EVERETT — With the fling of 15 shovels, Port of Everett officials broke ground Monday on “restaurant row.”
But it was all ceremony. The bulldozers, which turned off their engines for the event, have already begun preparing the site to construct two new retail buildings just west of the new Waterfront Place Apartments.
The project at Fisherman’s Harbor begins the first phase of the port’s 65-acre Waterfront Place Central mixed-use development that includes restaurants, shops and offices.
Fisherman’s Harbor extends along the inner harbor’s easternmost edge and overlooks the marina and Pacific Rim Plaza at 14th Street.
When completed next May or June, the two new buildings will house a new restaurant, outdoor seating, a new bakery and three marine offices, said the port’s CEO, Lisa Lefeber.
In all, the port expects to add seven or eight mixed-use buildings and generate more than 900 jobs in the next few years, Lefeber said.
“These are the first new retail pads at the port in over 12 years,” Lefeber told Monday’s gathering of some 50 people.
Each of the new buildings will range in size from 5,000 to 9,000 square feet, Lefeber said.
Port commissioner Tom Stiger gestured toward the construction site and said, “Fifty years ago this site behind us was a shipyard serving the commercial fishing fleet.”
Jack Ng, the owner of three restaurants in Snohomish and Island counties, stood on the boardwalk and looked at the site of his future restaurant, Fisherman Jack’s.
Fisherman Jack’s will feature an American-Chinese menu, seafood, dim sum and noodles, said Ng, who began a seafaring career right out of high school, working on fishing boats.
The 4,000-square-foot restaurant will also offer 2,500 square feet of outdoor patio space overlooking the waterfront.
If supply chain issues don’t delay progress, Ng hopes to open the eatery sometime next year. He said a commercial refrigerator he ordered six months ago still hasn’t arrived.
Ng, who runs China City restaurant at 15402 Main St. in Mill Creek, said he scoped out Everett’s waterfront 10 years ago, but the timing wasn’t right.
Now, with the addition of the boardwalk, hotel, waterfront apartments, walkways and fountain, the area has been transformed, Ng said.
“The future is here,” Ng said enthusiastically. “We’ll be able to look back 10 years from now and say, ‘Look at what this place has become.’”
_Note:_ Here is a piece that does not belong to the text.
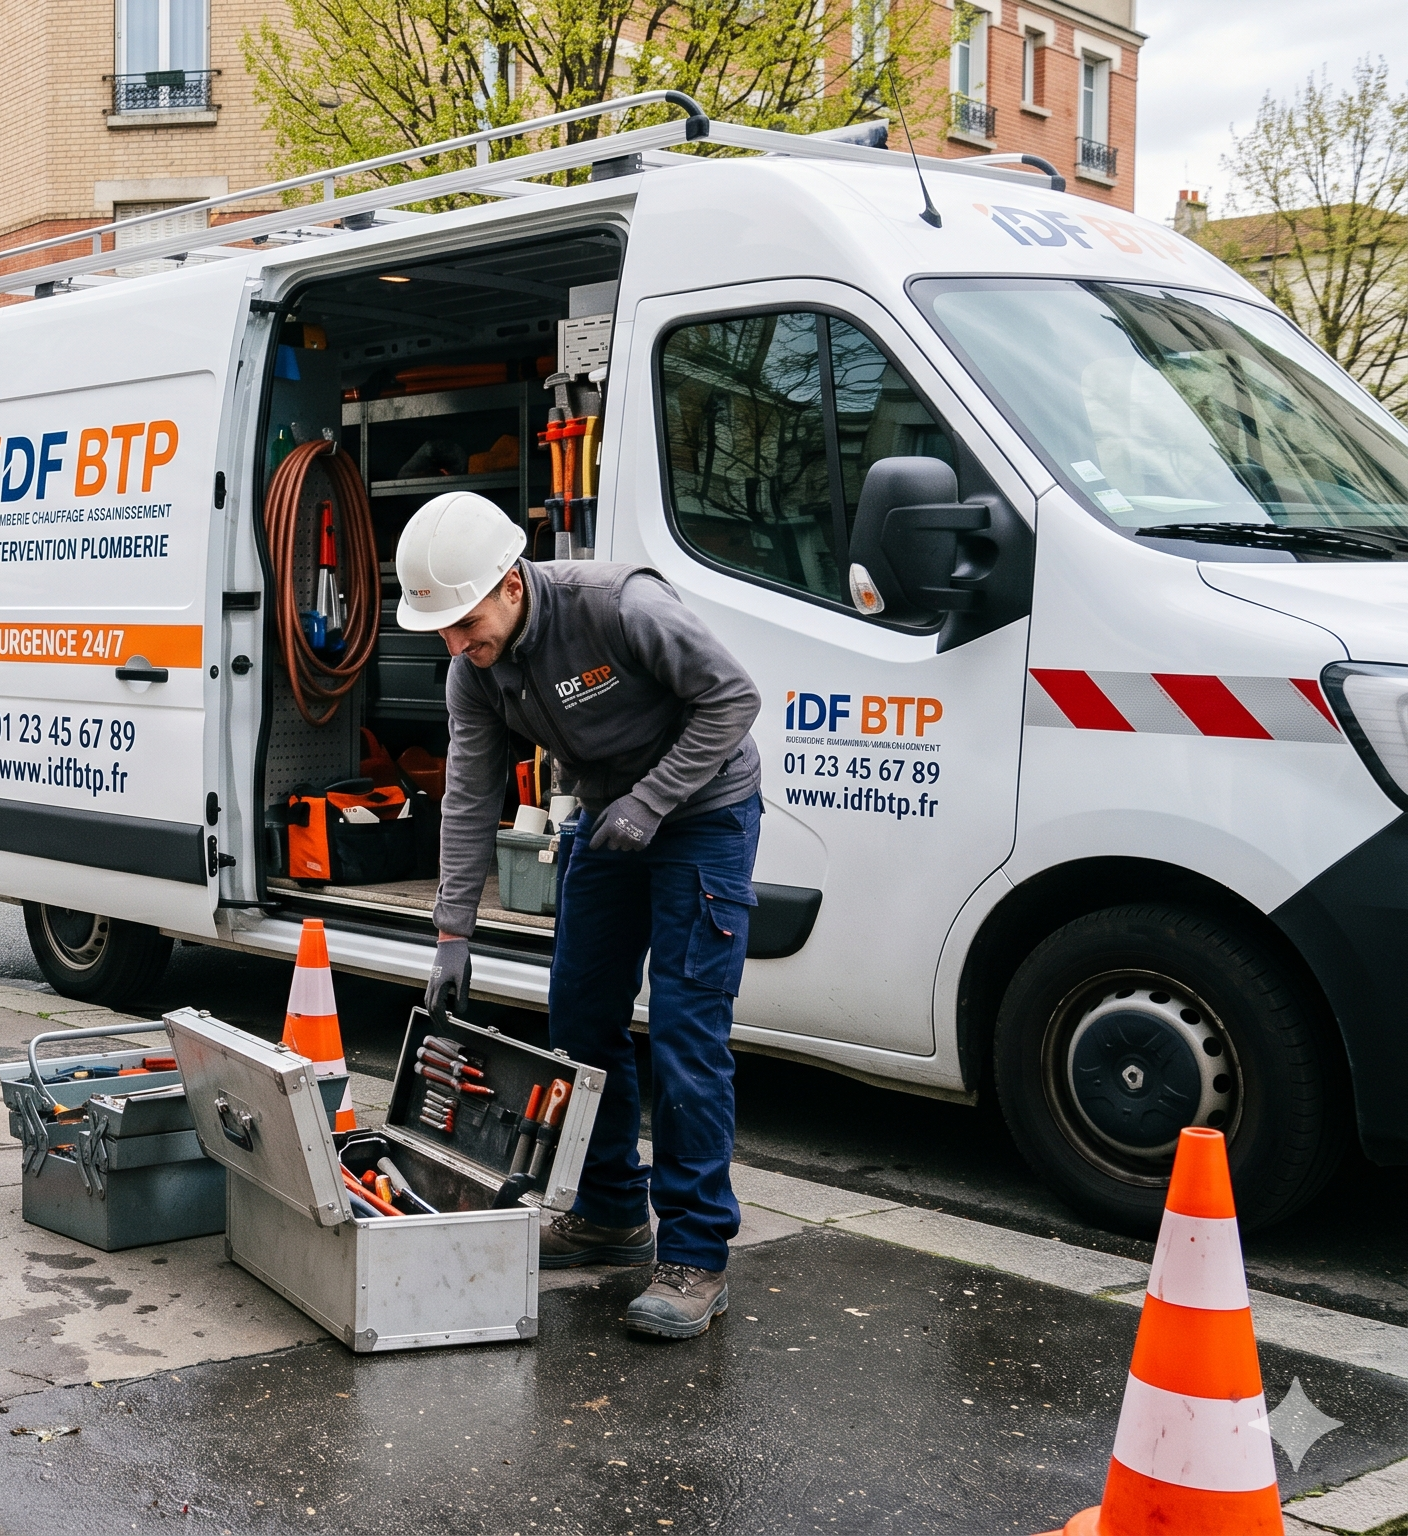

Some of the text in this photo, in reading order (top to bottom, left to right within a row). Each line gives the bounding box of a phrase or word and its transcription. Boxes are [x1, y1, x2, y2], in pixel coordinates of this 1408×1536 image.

Katherine Hillman also got the chance to check out the space that will become the new location for South Fork Bakery. Hillman, the owner of South Fork Baking Co., currently operates the business out of Diedrich’s Cafe at the Everett Station. When the buildings are completed, the bakery will occupy a 1,300-square-foot space, she said. South Fork will offer coffee, pastries, cakes and other goodies.
Among those hoisting a shovel was Everett Mayor Cassie Franklin. Franklin described the waterfront’s redevelopment as a “shared vision” the port and the city have pursued for decades.
This is the port’s seventh ribbon-cutting this year, CEO Lefeber said. The $57 million cargo terminal opened in January. Developer SeaLevel’s Waterfront Place Apartments opened in May, along with a new fishing pier in Mukilteo.
“We didn’t let a pandemic stop us,” Lefeber said.